MATERIAL SHOWN

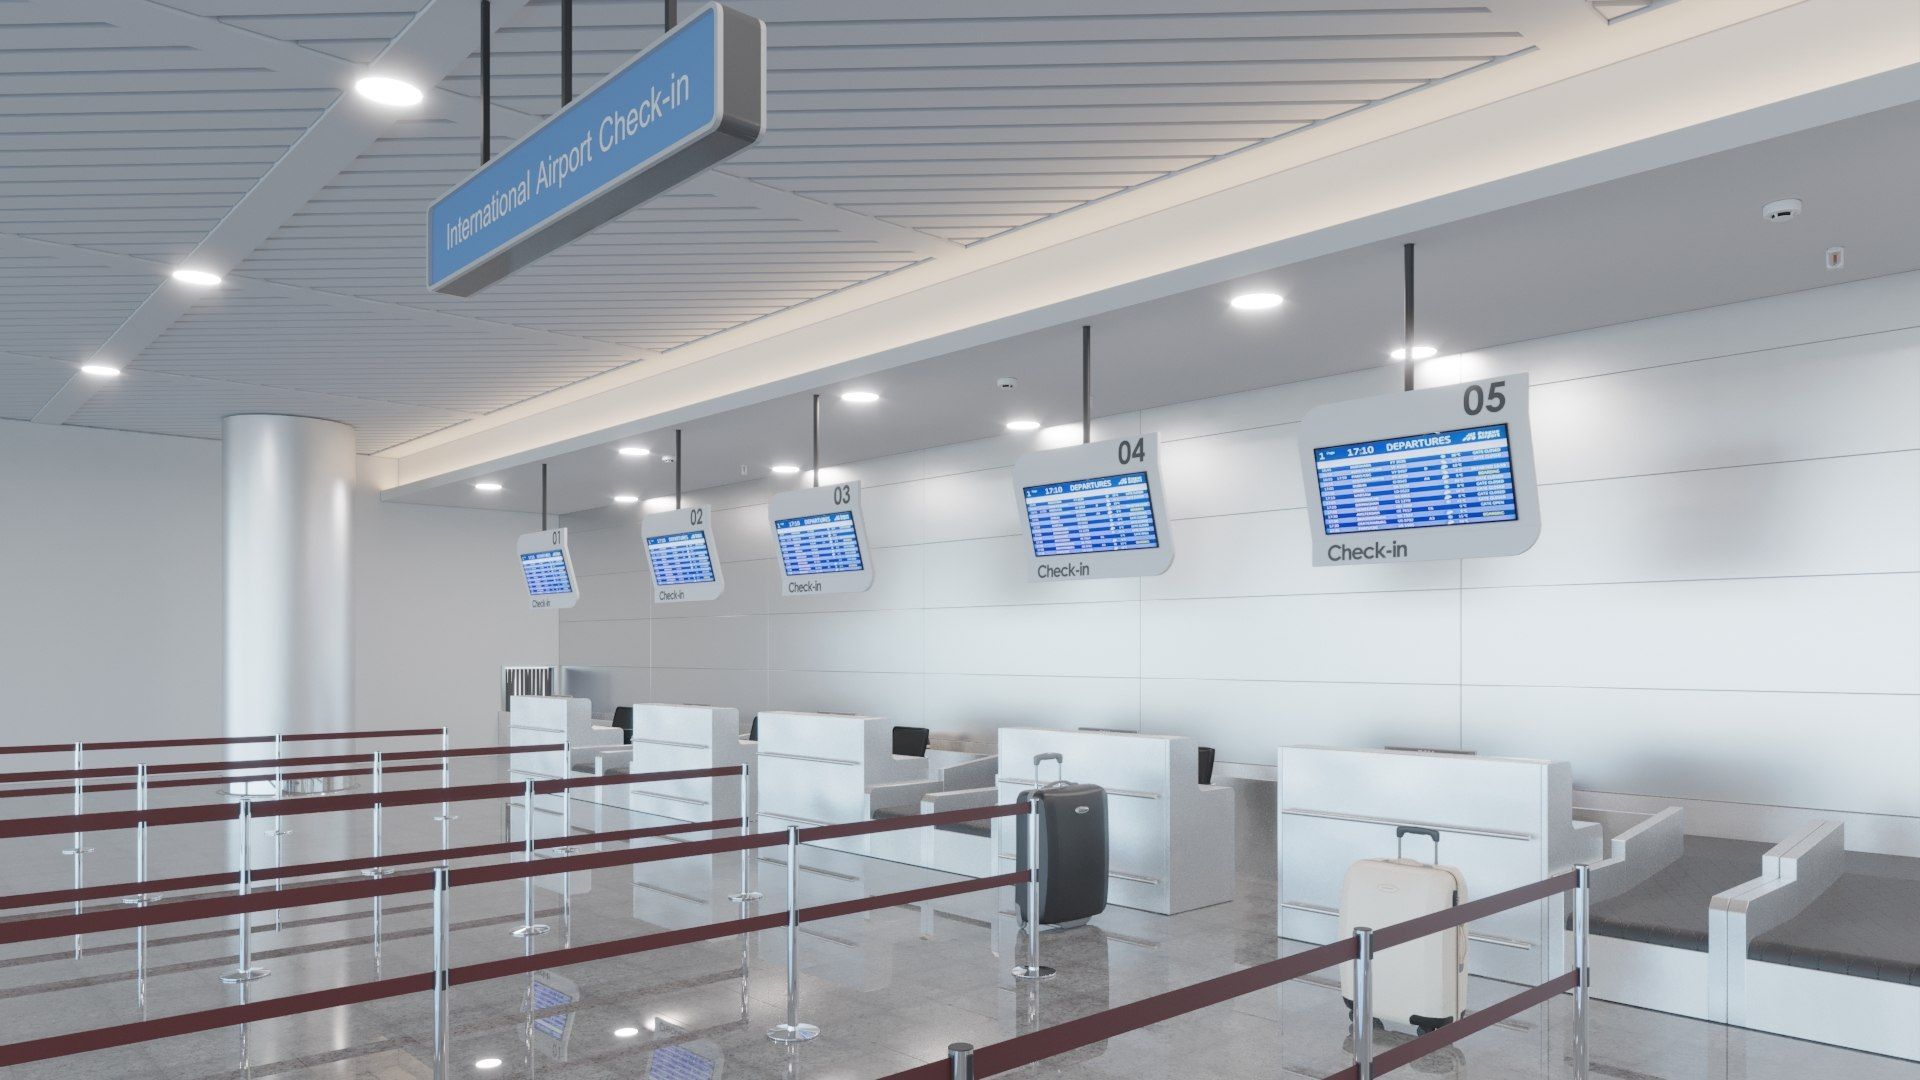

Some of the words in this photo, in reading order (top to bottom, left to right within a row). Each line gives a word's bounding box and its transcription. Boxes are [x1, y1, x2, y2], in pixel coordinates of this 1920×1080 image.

[446, 169, 530, 250] International
[536, 128, 593, 195] Airport
[599, 72, 690, 153] Check-in
[1463, 380, 1506, 416] 05
[1118, 437, 1145, 465] 04
[1347, 445, 1374, 457] 17:10
[1386, 435, 1451, 451] DEPARTURES
[834, 485, 851, 505] 03
[1070, 479, 1112, 492] DEPARTURES
[690, 508, 703, 526] 02
[552, 530, 561, 545] 01
[1328, 541, 1408, 562] Check-in
[1037, 562, 1090, 579] Check-in
[659, 590, 685, 601] Check-in
[788, 580, 822, 593] Check-in
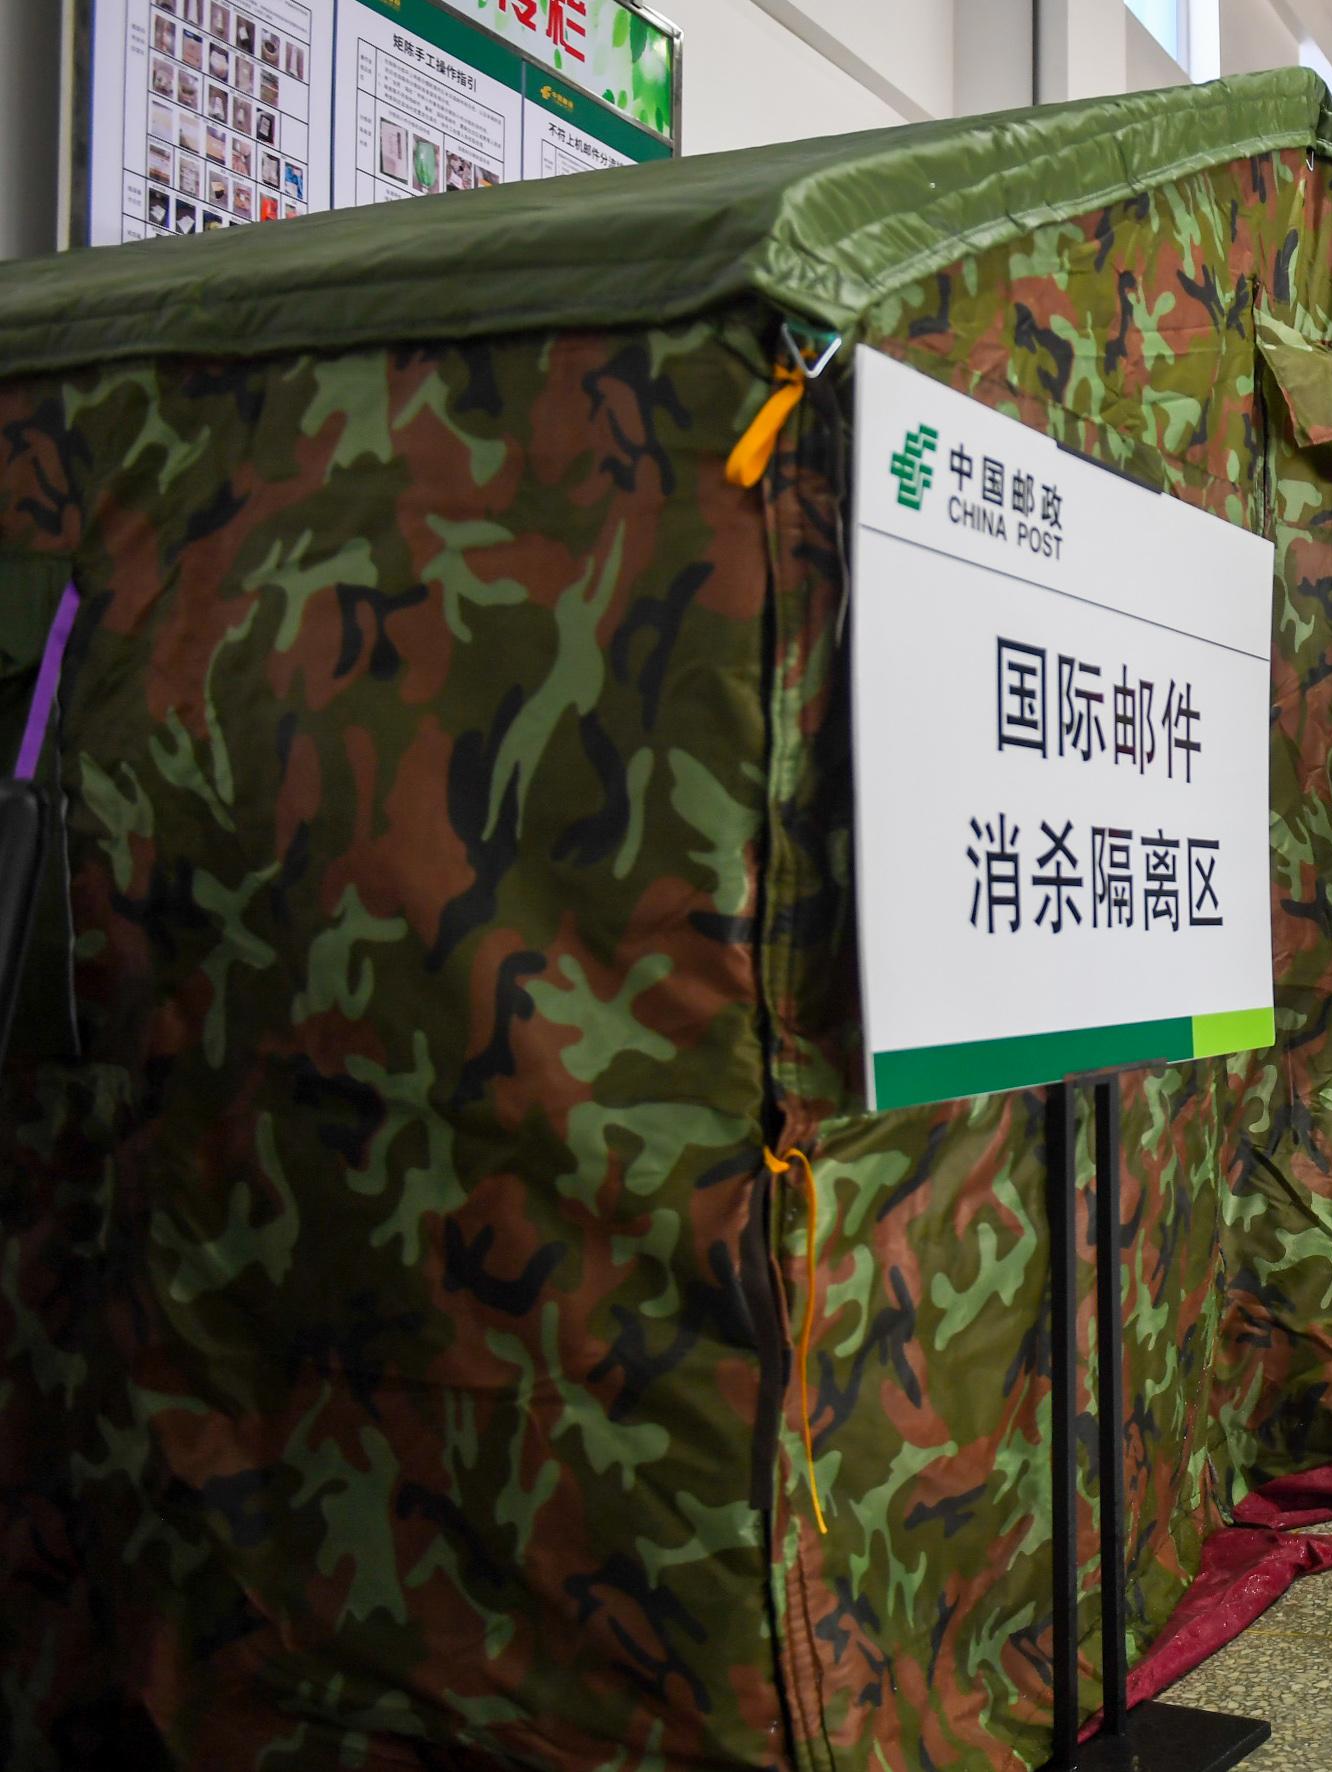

WHAT YOU SHOULD DO
Please give the data above again in exact form and omit every picture.

RESULT OF THIS TASK
Some of the words in this photo, in reading order (top to bottom, left to right within a row). Each line gives a word's bounding box and its transcription. Boxes are [x1, y1, x2, y2], in pixel coordinates of this 1920×1080 image.

[446, 169, 530, 250] International
[536, 128, 593, 195] Airport
[599, 72, 690, 153] Check-in
[1463, 380, 1506, 416] 05
[1118, 437, 1145, 465] 04
[1347, 445, 1374, 457] 17:10
[1386, 435, 1451, 451] DEPARTURES
[834, 485, 851, 505] 03
[1070, 479, 1112, 492] DEPARTURES
[690, 508, 703, 526] 02
[552, 530, 561, 545] 01
[1328, 541, 1408, 562] Check-in
[1037, 562, 1090, 579] Check-in
[659, 590, 685, 601] Check-in
[788, 580, 822, 593] Check-in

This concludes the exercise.